Worley v. Ehret

Decision Date22 January 1976
Docket NumberNo. 75-239,75-239
Citation343 N.E.2d 237,36 Ill.App.3d 48
PartiesDonald L. WORLEY, Plaintiff-Appellee and Cross-Appellant, v. Grace EHRET, Defendant-Appellant and Cross-Appellee.
CourtUnited States Appellate Court of Illinois

Sam S. Pessin, Belleville, for appellant and cross-appellee.

Von Allan Carlisle, William W. Warren, Carlyle, for appellee and cross-appellant.

JONES, Justice.

This case and the companion case of Worley v. Jansen, 343 N.E.2d 246 (opinion filed today) arise out of the same or closely related facts. The issues in the two cases are substantially the same and oral argument was consolidated. Therefore, although separate opinions are being filed in the two cases, the discussion of the facts and the issues as set out herein will be applicable, except where noted otherwise, to the opinion in Worley v. Jansen.

Plaintiff, Donald L. Worley, brought a forcible entry and detainer action against* defendant, Grace Ehret, because of her occupancy of a portion of land belonging to plaintiff. The court awarded possession of the land to plaintiff and allowed defendant slightly over five months to remove a clubhouse and other improvements which had been placed on the land by defendant and her deceased husband, Steve Ehret. Defendant has appealed and plaintiff has cross-appealed.

Plaintiff is the owner of a tract of land of approximately 136 acres in Clinton County. Previously title to the land had been held in joint tenancy by plaintiff's parents since 1954 or 1955 and prior to that time by plaintiff's maternal grandfather since 1912. In January 1968 plaintiff's father died, and in March 1968 plaintiff's mother, being the surviving tenant, conveyed title to the property to plaintiff.

Of the 136 acres 55 or 65 were tillable and for 25 years or more the Worleys had had a tenant on the land who took care of planting and harvesting crops. Neither plaintiff nor his parents had lived on the land during that period.

In the fall of 1969 plaintiff received a notice from the office of the Agriculture Stabilization and Conservation Service, a federal agency, to come into that office to discuss wheat allotments for the land. While he was there, plaintiff's attention was called to an aerial photo map so that he might point out where he had planted and where he intended to plant wheat. As a result of viewing the map, it appeared to plaintiff that several buildings (which he knew to be clubhouses or cottages of the Ehret, the Jansen, and the Robben families) were on his land. In May 1970 plaintiff approached these parties concerning the possible problem; however, no solution was forthcoming. Thereafter, in June 1970, plaintiff employed a land surveyor to determine the boundaries of his land and to discover whether the clubhouses were, in fact, within those boundaries.

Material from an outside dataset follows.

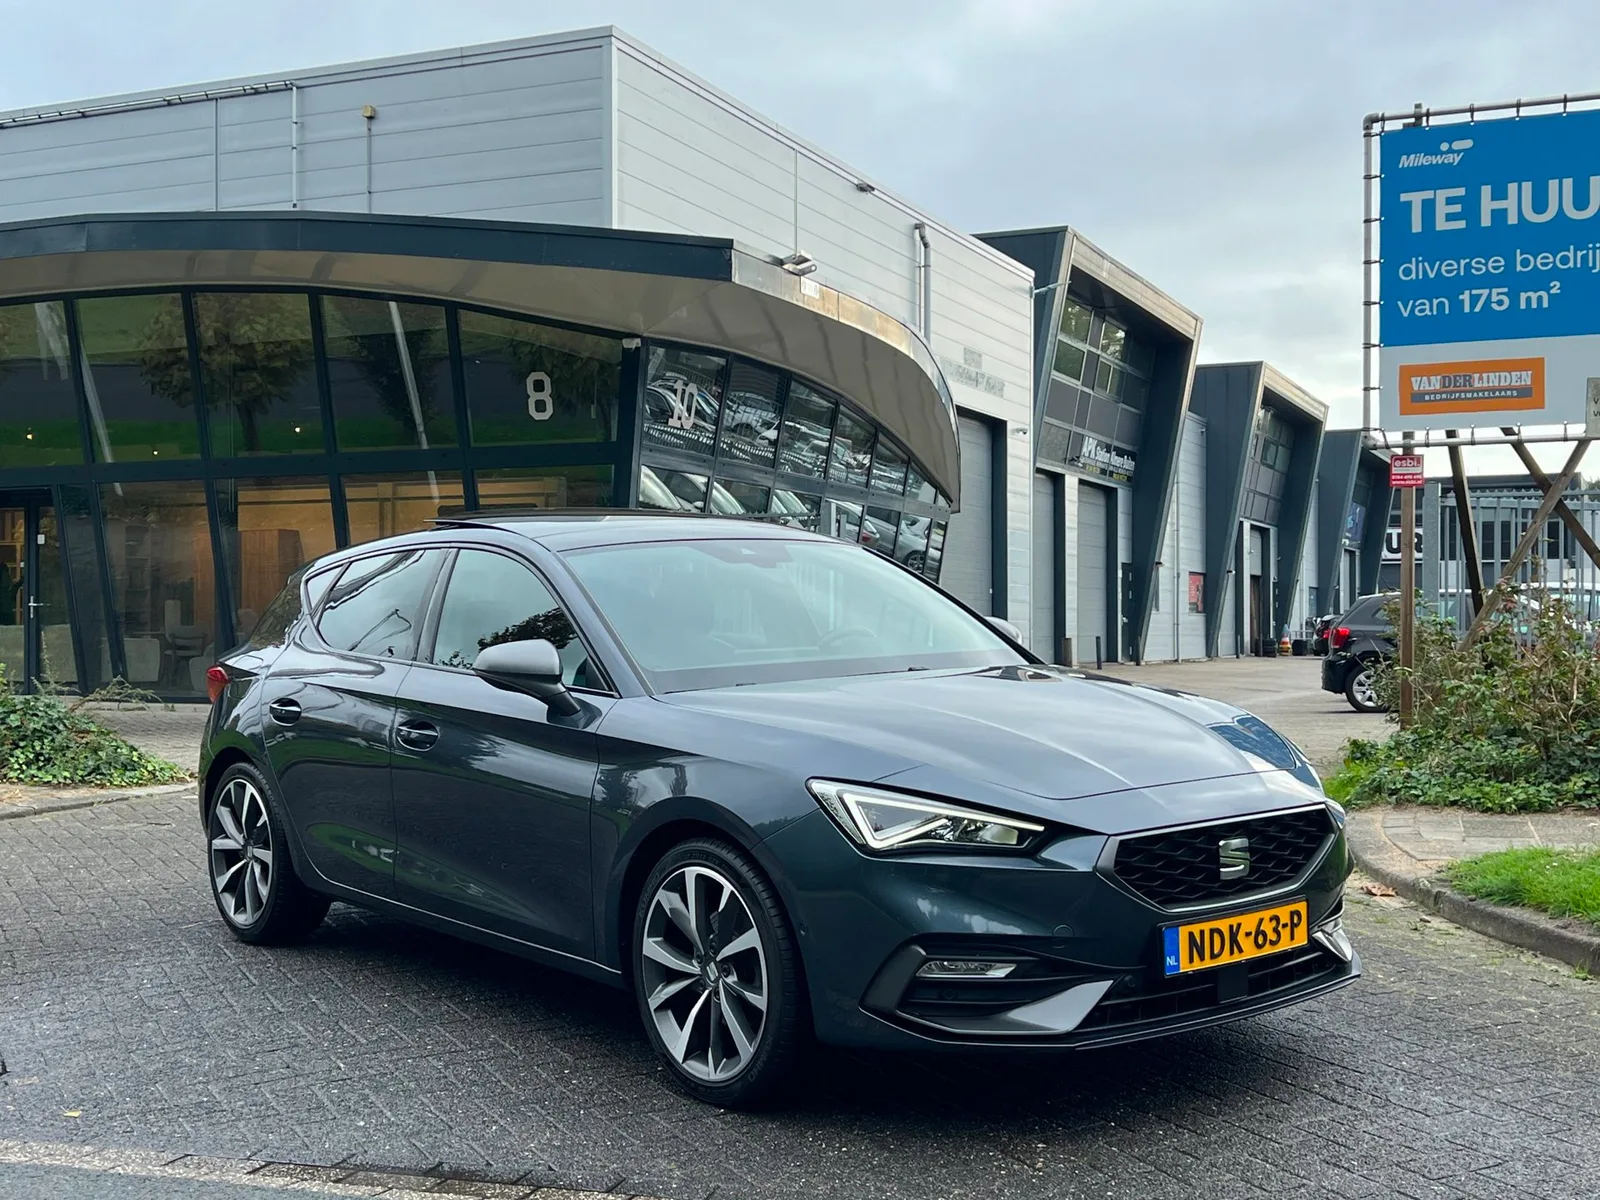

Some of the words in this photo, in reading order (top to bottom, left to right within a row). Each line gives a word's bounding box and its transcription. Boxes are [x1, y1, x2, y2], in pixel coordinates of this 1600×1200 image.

The survey was completed in February 1971 and showed that defendant occupied a parcel of land consisting of approximately 30,000 square feet, three-fifths of which was within the boundaries of the Worley property; that the Robbens occupied approximately 20,050 square feet, four-fifths of which came within the boundaries of the Worley property; and that the Jansens occupied approximately 66,000 square feet, slightly less than half of which came within the Worley boundaries. In each case a clubhouse had been built on that portion of the land which came within the Worley property lines. The survey also revealed that each of these three parties held deeds to land consisting of the same number of sqaure feet as that which they occupied but which was totally within the Worley boundaries and some distance from the land which each party actually occupied. The following map illustrates the relative locations of the various pieces of property concerned.

NOTE: OPINION CONTAINS TABLE OR OTHER DATA THAT IS NOT VIEWABLE

The circumstances under which defendant came to occupy the parcel of land here involved and to hold a deed to the parcel of land which is completely within the Worley boundaries are as follows. In 1955 a man named Alfred (Pickles) Von Alst executed three deeds which purported to convey three separate parcels of land located entirely within the Worley boundaries. In each instance of the three deeds made by Von Alst, he took the purchaser to the lot purportedly conveyed and marked off the boundaries by notching trees with an ax. The areas so marked were the parcels of land which eventually came to be occupied by the Robbens, Thomas Jansen, and the defendant and her husband. The property described in each of the three deeds was completely different than the property so marked by Von Alst as indicated by the map. One of these transactions occurred between Von Alst and Wilbert and Celia Sellers in 1955. Later during 1955 the Sellers executed a deed with the same description to the Ehrets and the Ehrets then began to occupy the area which Von Alst had marked off for the Sellers. Although the tract in question is located in a remote, rough, wooded area, neither prior to the purchase and deed nor prior to their occupancy and improvement of the tract did compounded by the fact that they also failed to obtain an abstract of title, title in the Ehrets cause a boundary line survey of their tract to be made. This omission was surance, record title search or any evidence or opinion of any nature which would indicate the worth of the title they acquired. Apparently, no survey or title search was made by the Sellers either.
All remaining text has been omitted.